GdS: "Napoli, se favorito, non sai più vincere"


GdS: 'Napoli, se favorito, non sai più vincere'
18/01/2012, 11:01

Vincere quando sei obbligato a farlo. Ecco cosa non riesce più al Napoli. Difficile guardare in alto se voltandosi indietro ci si accorge di aver perso tanti punti per strada. Così, il cammino verso il terzo posto si è decisamente complicato: troppe le occasioni non sfruttate contro le cosiddette provinciali. L’ultima, in ordine di tempo, la gara di lunedì sera con il Bologna che ha lasciato soltanto l’amaro in bocca ai giocatori azzurri. In particolare a Marek Hamsik, che negli spogliatoi avrà certamente percepito il malumore dei compagni per quel gol fallito dopo pochi minuti che avrebbe potuto cambiare volto alla partita: «Ancora una volta abbiamo ceduto punti importanti contro una squadra sulla carta più debole della nostra—dice lo slovacco attraverso le colonne del suo sito ufficiale —. Peccato non aver vinto.
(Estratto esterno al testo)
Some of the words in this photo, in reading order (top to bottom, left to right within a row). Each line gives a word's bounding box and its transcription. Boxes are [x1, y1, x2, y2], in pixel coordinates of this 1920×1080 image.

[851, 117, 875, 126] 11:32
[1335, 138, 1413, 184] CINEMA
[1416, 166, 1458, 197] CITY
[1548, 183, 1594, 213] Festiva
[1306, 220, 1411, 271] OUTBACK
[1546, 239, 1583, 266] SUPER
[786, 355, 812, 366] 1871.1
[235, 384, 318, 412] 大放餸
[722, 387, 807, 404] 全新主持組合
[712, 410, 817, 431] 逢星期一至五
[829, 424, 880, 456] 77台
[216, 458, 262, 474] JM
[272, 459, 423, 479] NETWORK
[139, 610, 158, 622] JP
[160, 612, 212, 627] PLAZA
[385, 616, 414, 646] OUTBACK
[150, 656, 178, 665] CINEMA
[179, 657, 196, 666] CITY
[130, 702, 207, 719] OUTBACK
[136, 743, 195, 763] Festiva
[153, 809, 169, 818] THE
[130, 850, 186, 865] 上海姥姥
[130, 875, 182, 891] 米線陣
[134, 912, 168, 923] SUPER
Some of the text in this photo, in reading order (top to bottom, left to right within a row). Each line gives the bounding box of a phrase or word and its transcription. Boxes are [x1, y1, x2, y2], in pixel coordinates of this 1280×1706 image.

Soprattutto, mi dispiace tantissimo per l’occasione da rete che ho sbagliato. Se avessi segnato la gara avrebbe preso un’altra piega».
In linea - Dichiarazioni in linea con quelle rilasciate da Mazzarri, Pandev e Inler pochi minuti dopo il fischio finale. Unadimostrazione di come il Napoli sia cosciente di avere grandi difficoltà contro formazioni guardinghe e combattive, come appunto il Bologna di Pioli.
Due velocità - Non a caso, gli azzurri sono imbattuti con le prime cinque squadre della classifica (vittorie contro Milan, Udinese ed Inter, pareggi con Juve e Lazio) mentre sono scivolati in casa del Chievo, a Catania e al San Paolo contro il Parma oltre ad aver pareggiato con Fiorentina, Cagliari, Novara ed Atalanta. In totale: 3 sconfitte e 5 pareggi contro avversarie alla portata di Lavezzi e compagni. Proprio l’assenza del Pocho è stata ancora una volta determinante. Contro un Genoa allo sbando e un Palermo tatticamente scriteriato, il Napoli era riuscito a nascondere le magagne di una manovra che senza l’argentino stenta a decollare. Appena il Bologna, dopo il gol di Acquafresca, si è rintanato nessuno degli azzurri è riuscito a creare la superiorità numerica e il solo Pandev si è preso talvolta la responsabilità di provare qualche dribbling.
Pocho - Ecco perché a Siena non è pensabile che Ezequiel sieda in panchina. Mazzarri ha troppo bisogno di lui e lui scalpita per rientrare: «Peccato per il pareggio, ma non molliamo— ha scritto su Twitter —. Ora, concentrati per Siena». Già, perché calendario alla mano nelle prossime sei sfide prima dell’andata degli ottavi di Champions con il Chelsea, il Napoli si troverà di fronte cinque squadre che la seguono in classifica ed una sola, il Milan, che è davanti agli azzurri. Ecco perché la rimonta in campionato passa proprio dalla capacità di invertire la tendenza contro le provinciali. A cominciare, logicamente, dalla partita di domenica al Franchi.È vietato fallire perché il Napoli deve vincere, soprattutto, quando è obbligato a farlo.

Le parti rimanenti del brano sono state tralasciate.